Vacation Rentals by Ashley, LLC (the rental agent). Those parties, in turn, brought

third-party claims for breach of contract, indemnification, contribution, and

declaratory judgment against the renter, Corey Power, based on an exculpatory clause

in Power’s rental agreement.

Power moved for summary judgment on all of the third-party claims. He argued

that he was entitled to summary judgment on the contract, indemnification, and

declaratory judgment claims because the exculpatory clause was void as against

public policy under OCGA § 13-8-2 (b). He argued that he was entitled to summary judgment on the contribution claim on a different ground. Finding that the

exculpatory clause was not void, the trial court denied Power’s motion without

addressing Power’s argument regarding the claim for contribution. We granted

interlocutory review of that decision.

Because OCGA § 13-8-2 (b) prohibits the exculpatory clause, Power was

entitled to summary judgment on the claims for breach of contract, indemnification,

and declaratory judgment. So we reverse the denial of summary judgment as to those

claims. We vacate the trial court’s order as to the contribution claim and remand for

the trial court to consider in the first instance the argument Power made in support of

summary judgment on that claim.

1. Facts and procedural history.

“On appeal from a grant of summary judgment, we review legal questions de

novo and review the evidence in the light most favorable to the nonmoving party to

determine whether there is a genuine issue of material fact.” Milliken & Co. v. Ga.

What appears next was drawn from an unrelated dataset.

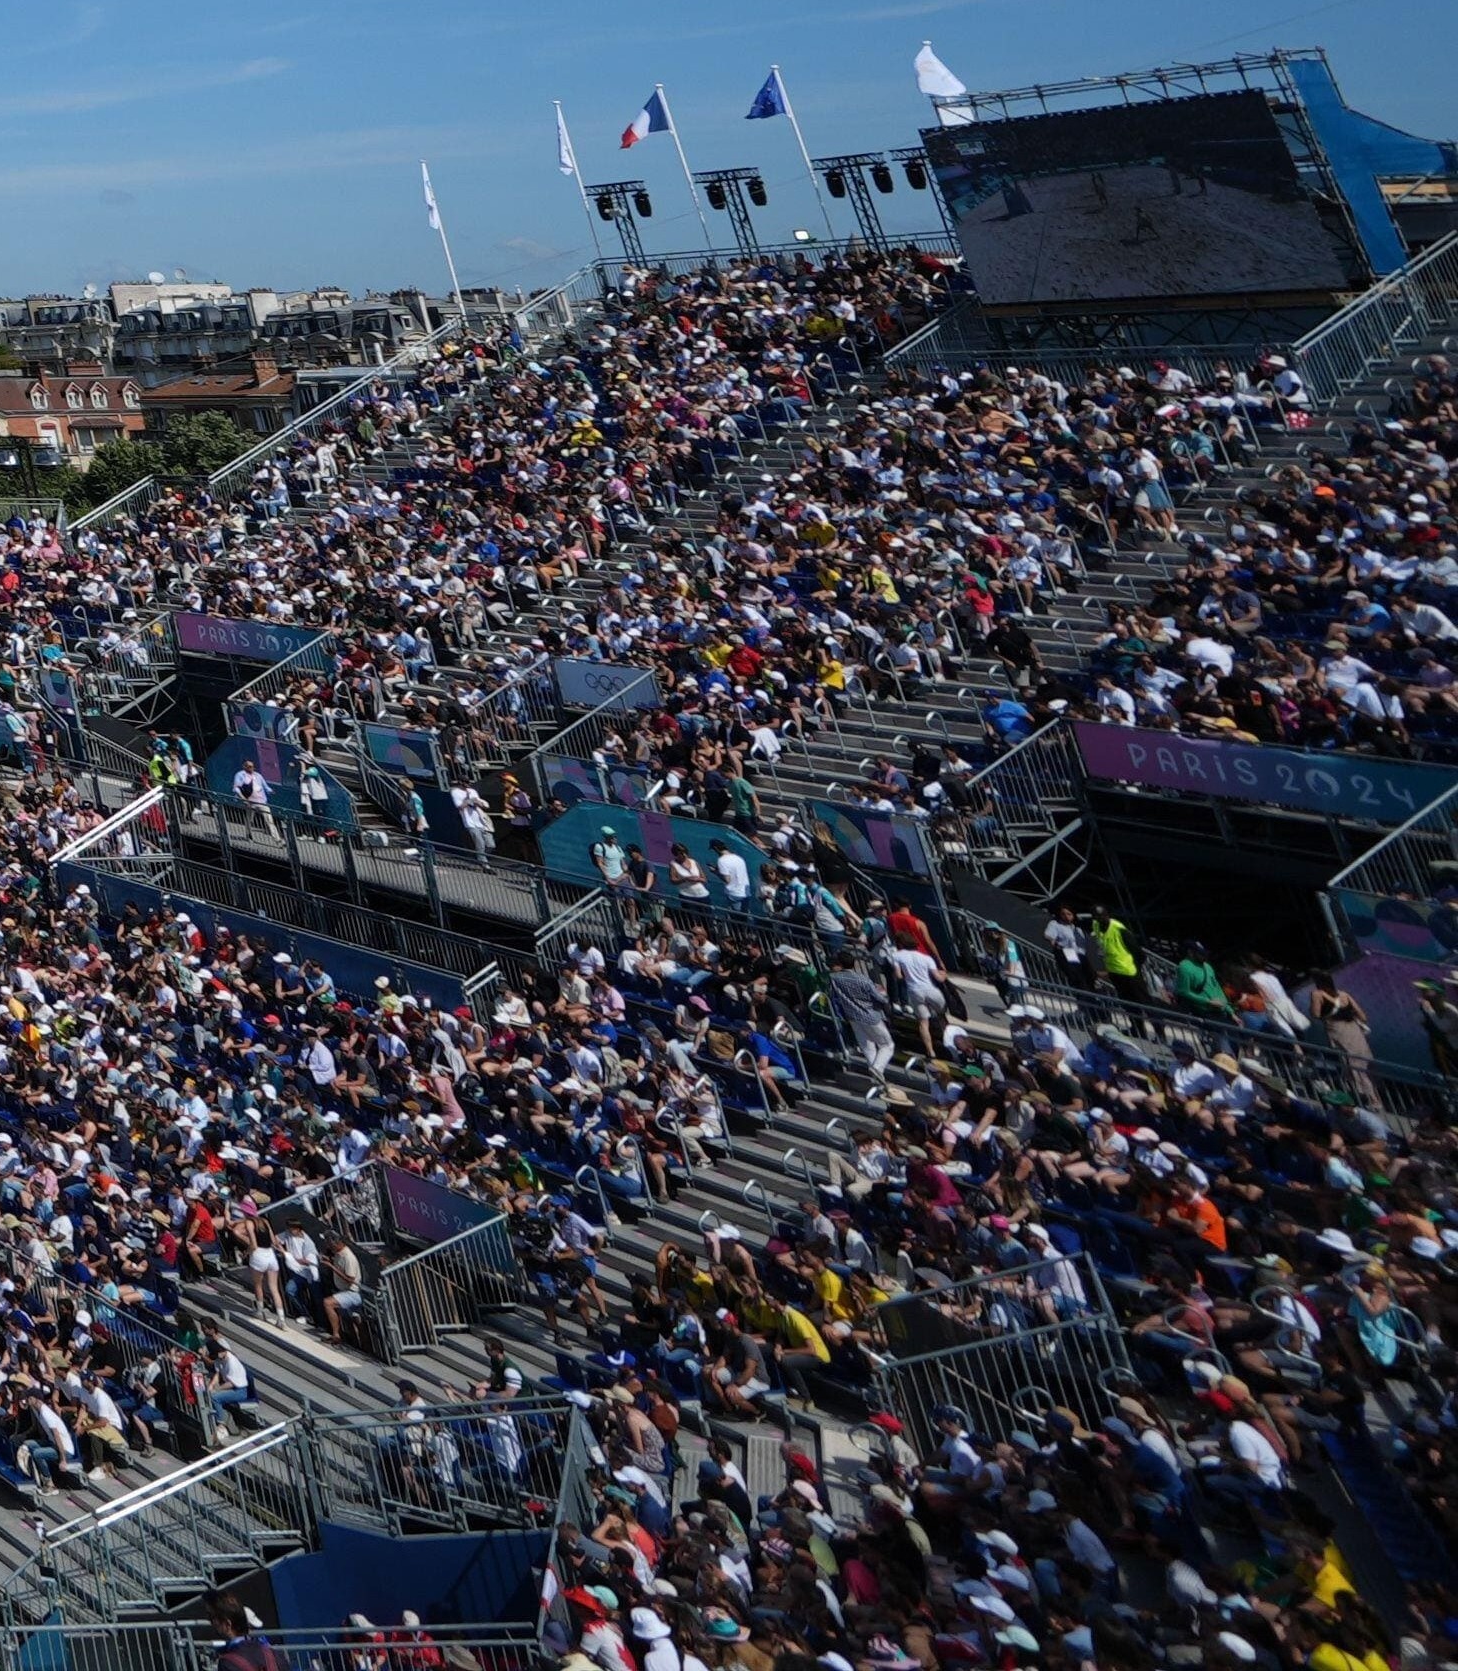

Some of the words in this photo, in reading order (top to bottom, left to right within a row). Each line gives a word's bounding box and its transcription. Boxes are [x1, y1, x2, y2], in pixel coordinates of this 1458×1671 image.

[197, 625, 250, 647] PARIS
[1126, 743, 1258, 786] PARIS
[1276, 765, 1415, 810] 2024

Power Co., 306 Ga. 6, 8 (1) (829 SE2d 111) (2019).

So viewed, the evidence shows that Power entered into an agreement to rent

a vacation cabin as the venue for his wedding and as housing for some of the wedding

guests, including his mother, Bond. That agreement contained an exculpatory clause

2 which stated that Power agreed “to hold harmless from any responsibility or liability

[the] cabin owners and their representatives resulting from any loss, damage or

personal liability incurred by any guest on the rental cabin premises.”

One night while she was staying at the cabin, Bond fell on exterior stairs and

was injured. She alleged in her complaint that some of the lighting near the stairs was

not working at the time and that, due to improper construction, some of the boards of

the stairs had buckled and were uneven. She alleged that Toccoa Dreams and

Vacation Rentals by Ashley

were negligent in failing to properly inspect the area where the fall occurred, in failing to make sure the lights installed in the outside staircase were functioning properly, by failing to take adequate measures to protect invitees from falling on the dark, unlit stairwell and in failing to keep the premises safe for invitees and failing to maintain stairs that were safe and properly functioning due to the buckling and uneven stairs caused by improper nails.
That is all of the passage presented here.